Profile: Laloo Prasad Yadav
- 30 September 2013
- From the section India
Former Indian railways minister Laloo Prasad Yadav, who has been convicted in a long-running corruption case known as the "fodder scam", is one of the country's most colourful politicians.
Known for his quirky style and mass appeal, in his prime, there were few leaders in India who could rival his charisma and popularity.
Although he is an MP and remains a key ally of India's governing Congress party, Yadav, 65, has lost much of his political base in the last few years.
Once a formidable force in India's most lawless state, Bihar, which his Rashtriya Janata Dal governed for 13 years until electoral defeat in 2005, Yadav and his party have now been reduced to a poor minority.
Born in a poor farming family in Bihar, Yadav has travelled a long way from his humble origins.
As the federal railways minister, he was given credit for single-handedly turning the railways from an ailing, loss-making venture into one that makes profit.
He even found his way into the textbooks - a prestigious Indian management institute introduced a case study on his work in the ministry for its business students.

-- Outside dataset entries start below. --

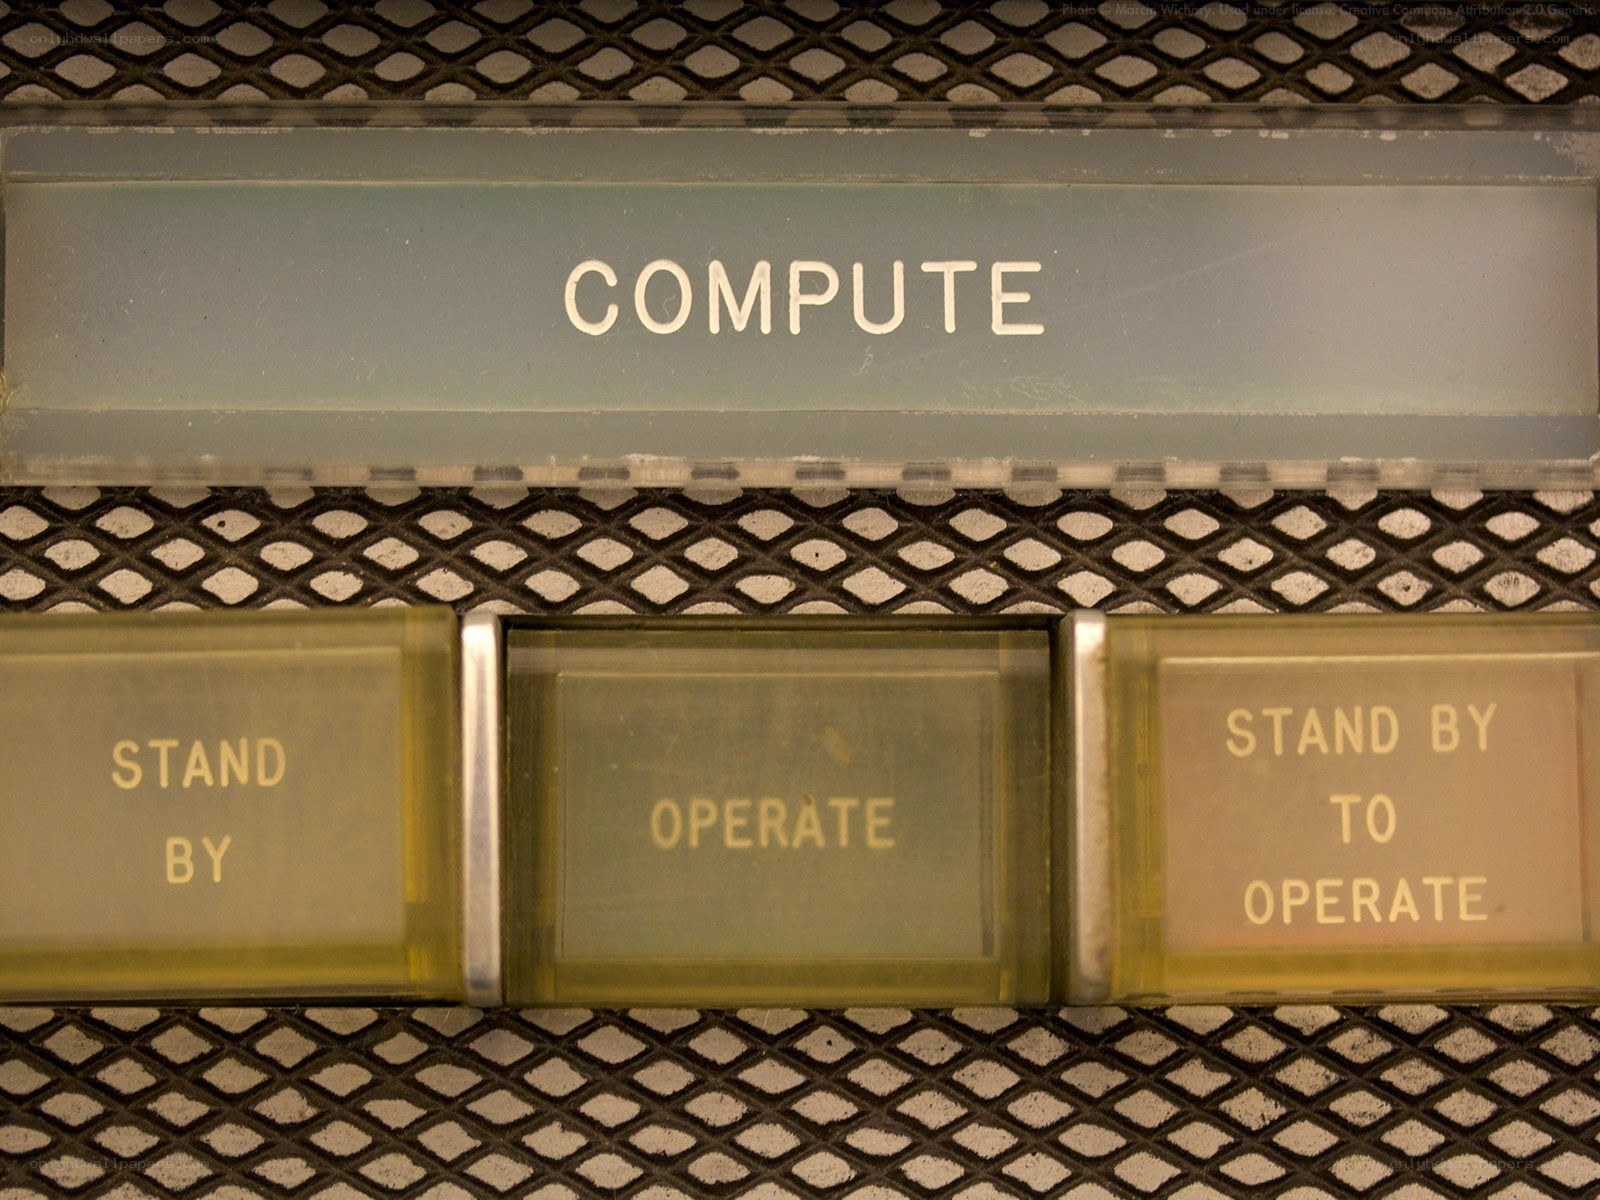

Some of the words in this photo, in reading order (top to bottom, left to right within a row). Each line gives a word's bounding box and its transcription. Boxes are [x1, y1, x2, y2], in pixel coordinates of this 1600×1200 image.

[564, 260, 1045, 335] COMPUTE
[1226, 704, 1399, 757] STAND
[1431, 702, 1497, 753] BY
[112, 737, 286, 789] STAND
[651, 796, 896, 849] OPERATE
[1329, 793, 1397, 844] TO
[166, 834, 232, 884] BY
[1244, 876, 1488, 925] OPERATE

As he continued to fascinate popular imagination in Bihar and in other parts of India, he inspired many Bollywood characters and Laloo dolls, which became hugely popular with children.

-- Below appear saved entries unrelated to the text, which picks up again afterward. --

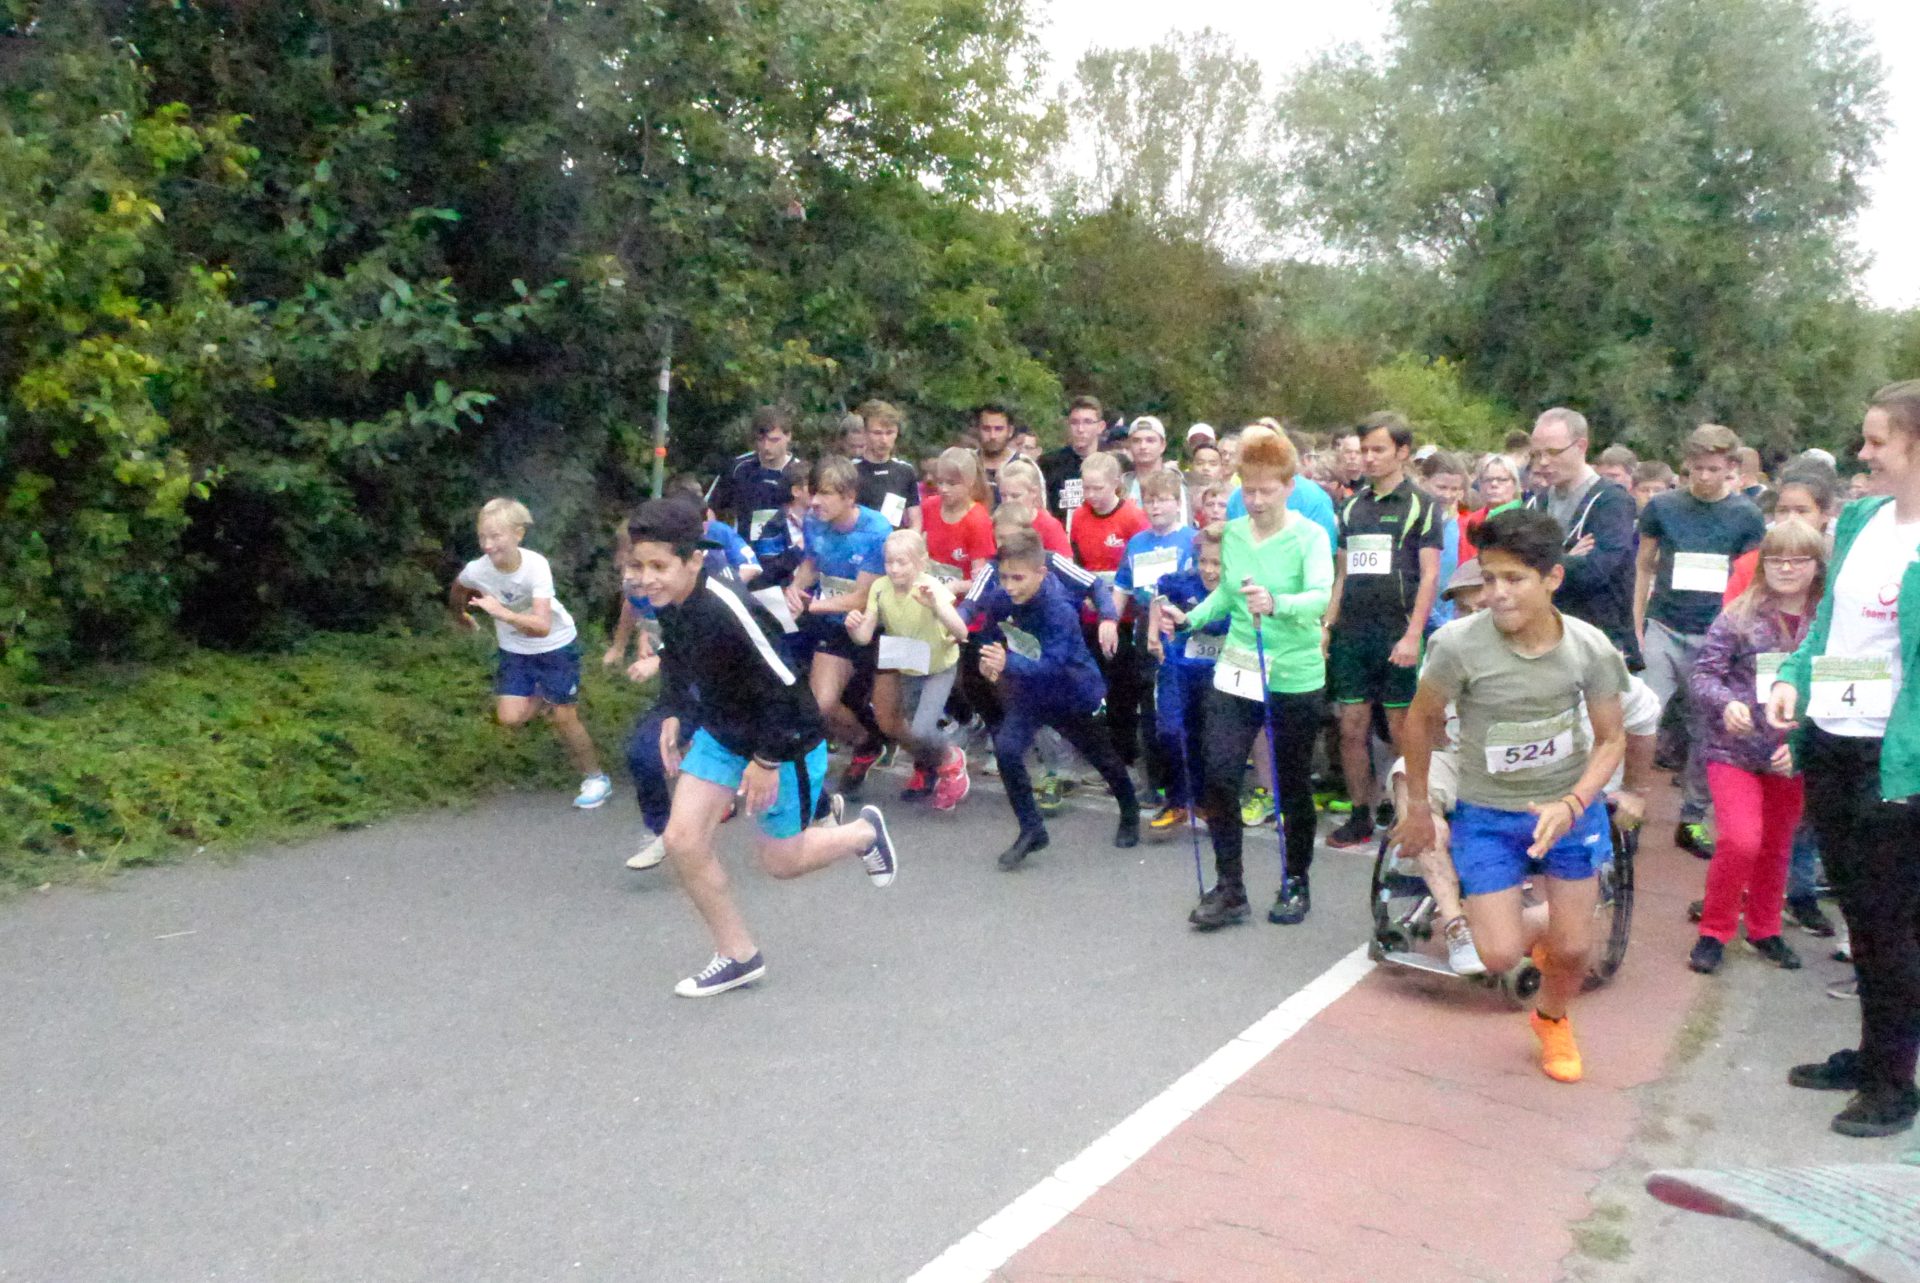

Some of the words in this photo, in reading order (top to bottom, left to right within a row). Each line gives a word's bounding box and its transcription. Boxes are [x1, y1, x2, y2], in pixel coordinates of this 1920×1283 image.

[1352, 552, 1378, 567] 606
[1197, 644, 1223, 657] 39
[1233, 670, 1242, 687] 1
[1841, 683, 1857, 707] 4
[1505, 738, 1556, 765] 524

His problems began in 1996 when the police unearthed a big corruption scandal in which he and the state's leading bureaucrats and politicians were alleged to be involved.
The scandal involved embezzlement of 9.5bn rupees ($151m; £94m) meant for buying cattle fodder in Bihar and the media promptly dubbed it the "fodder scam".
The case shocked the country, chiefly because Yadav, whose politics is based on mass mobilisation of the lower-caste Hindu votes, had come to be known as a champion of social justice.
The scam forced him to resign as chief minister but he managed to install his wife, Rabri Devi, as his successor.
Illiterate and a newcomer to politics, Rabri Devi was nick-named "Rubbery Devi" by her critics who alleged that she was a rubber stamp for her husband and a mere figurehead. They said Yadav ran the state by remote control.
As a politician, Yadav was groomed by socialist leader Jai Prakash Narayan, who led a student movement in the early 1970s.
He formed the Rashtriya Janata Dal in 1997, after breaking away from the Janata Dal.